### Prompt
Where the line containing "Some of the words" appears in the records below, begin there and output each line verbatim through the last line.

[Image-backed grounding data]
··········

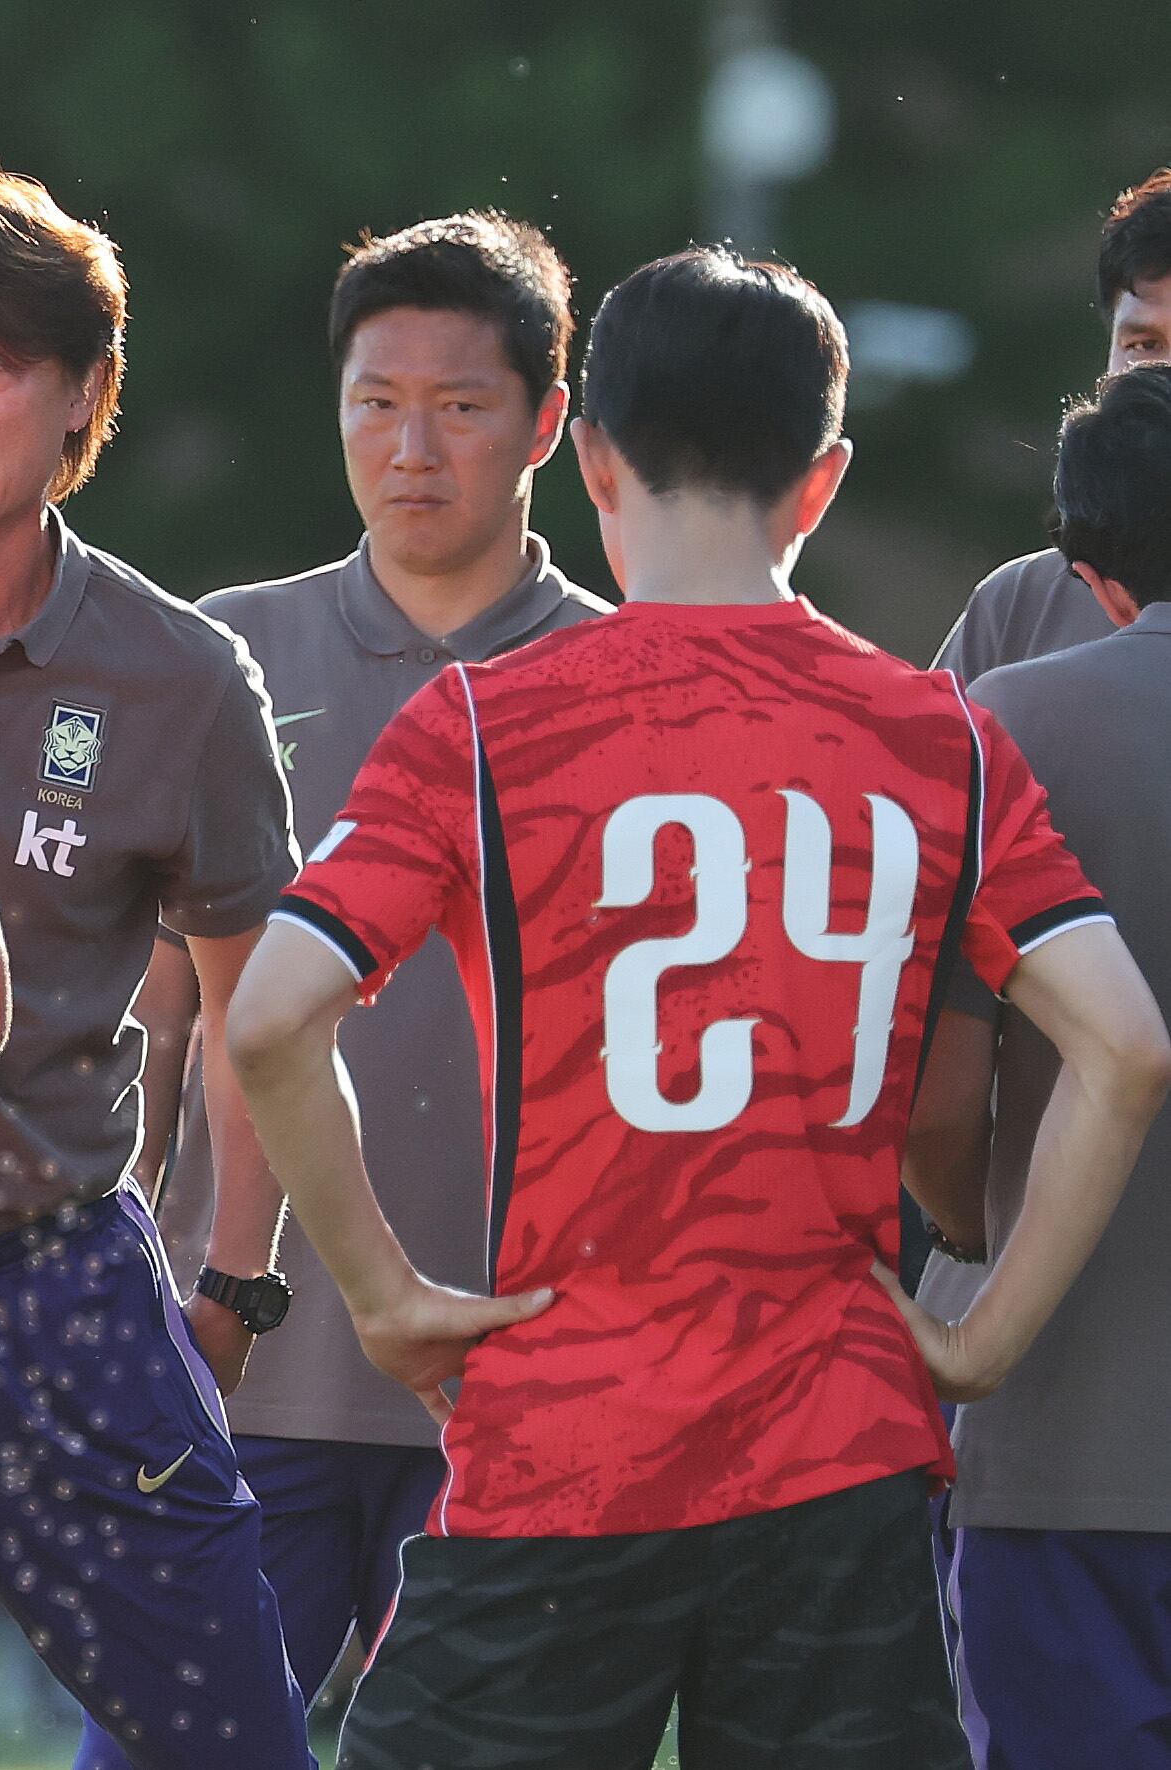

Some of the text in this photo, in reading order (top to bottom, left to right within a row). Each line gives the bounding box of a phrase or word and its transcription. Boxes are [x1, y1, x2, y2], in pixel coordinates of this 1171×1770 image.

[37, 787, 83, 811] KOREA
[14, 809, 87, 878] kt
[594, 789, 919, 1133] 24
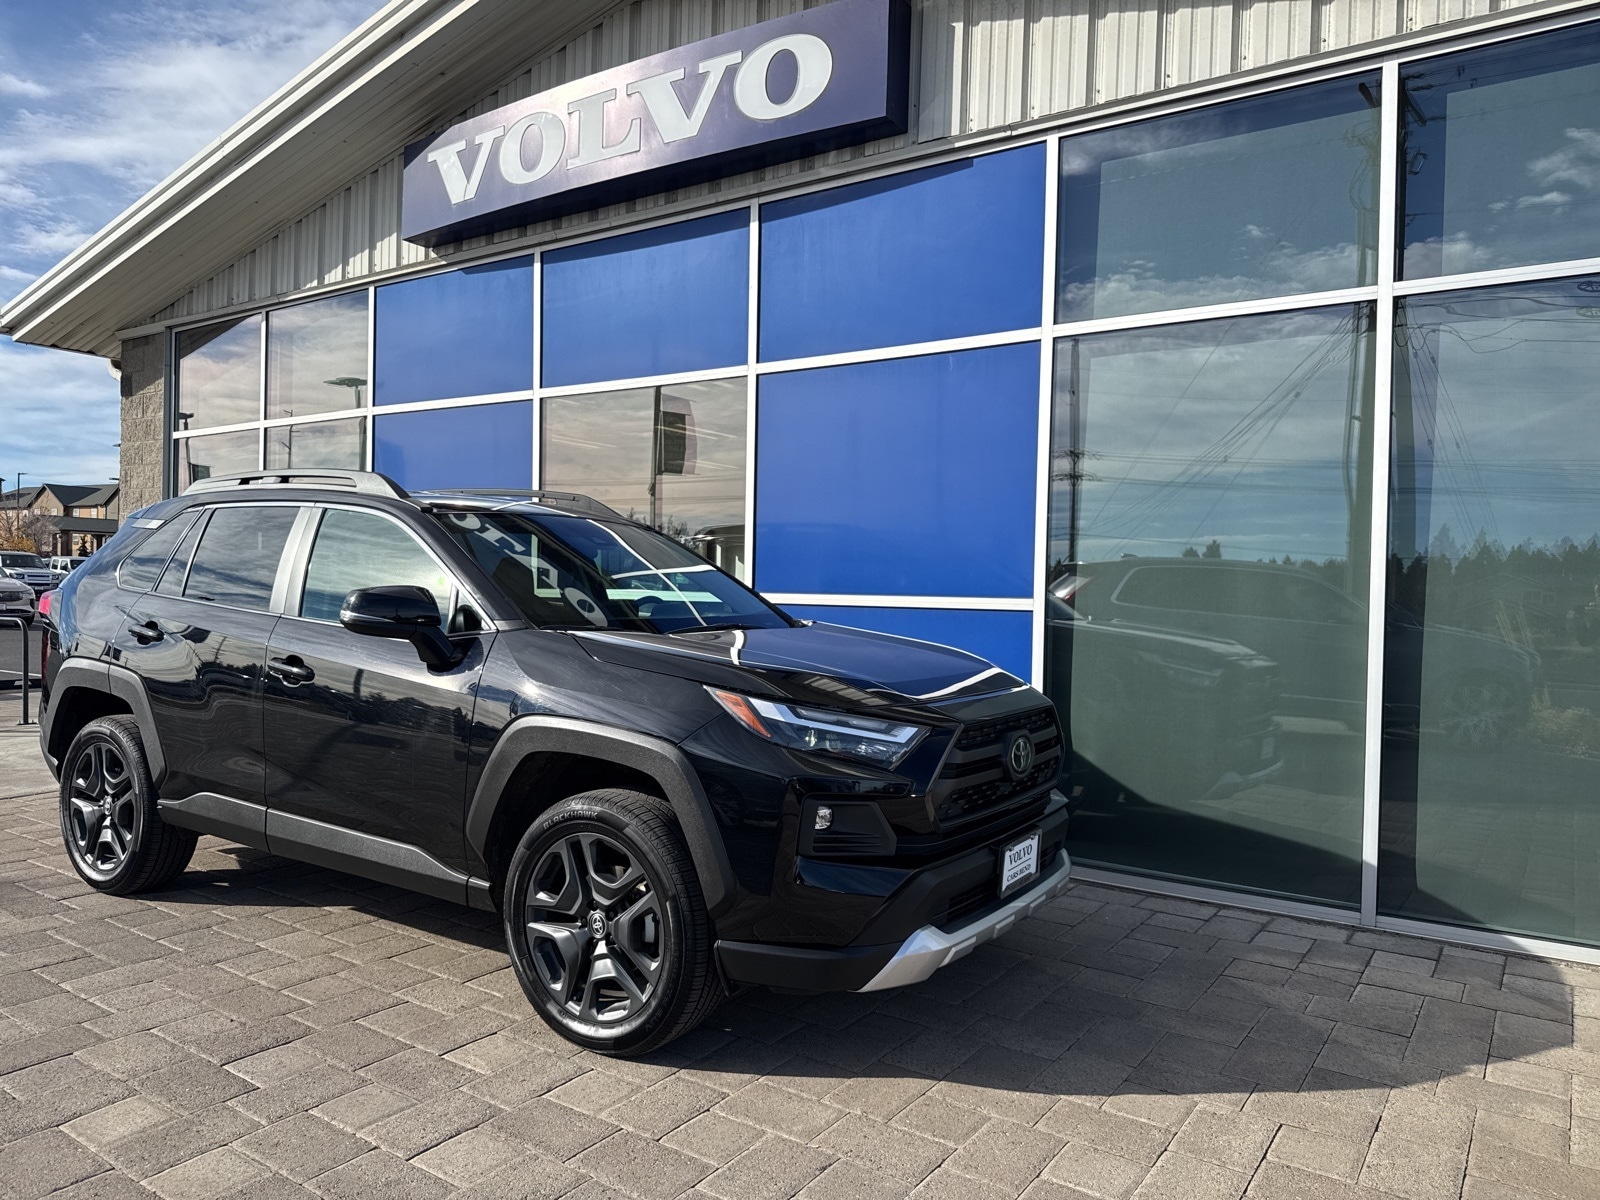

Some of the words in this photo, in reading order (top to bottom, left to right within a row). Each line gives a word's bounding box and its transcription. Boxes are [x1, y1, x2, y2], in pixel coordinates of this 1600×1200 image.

[427, 32, 834, 206] VOLVO
[543, 810, 598, 830] BLACKHAWK
[1009, 844, 1032, 865] VOLVO
[1007, 871, 1019, 882] CARS
[1019, 864, 1031, 875] BEND

··········

### Task answer
Some of the words in this photo, in reading order (top to bottom, left to right within a row). Each line gives a word's bounding box and its transcription. Boxes are [x1, y1, x2, y2], in pixel coordinates of this 1600×1200 image.

[427, 32, 834, 206] VOLVO
[543, 810, 598, 830] BLACKHAWK
[1009, 844, 1032, 865] VOLVO
[1007, 871, 1019, 882] CARS
[1019, 864, 1031, 875] BEND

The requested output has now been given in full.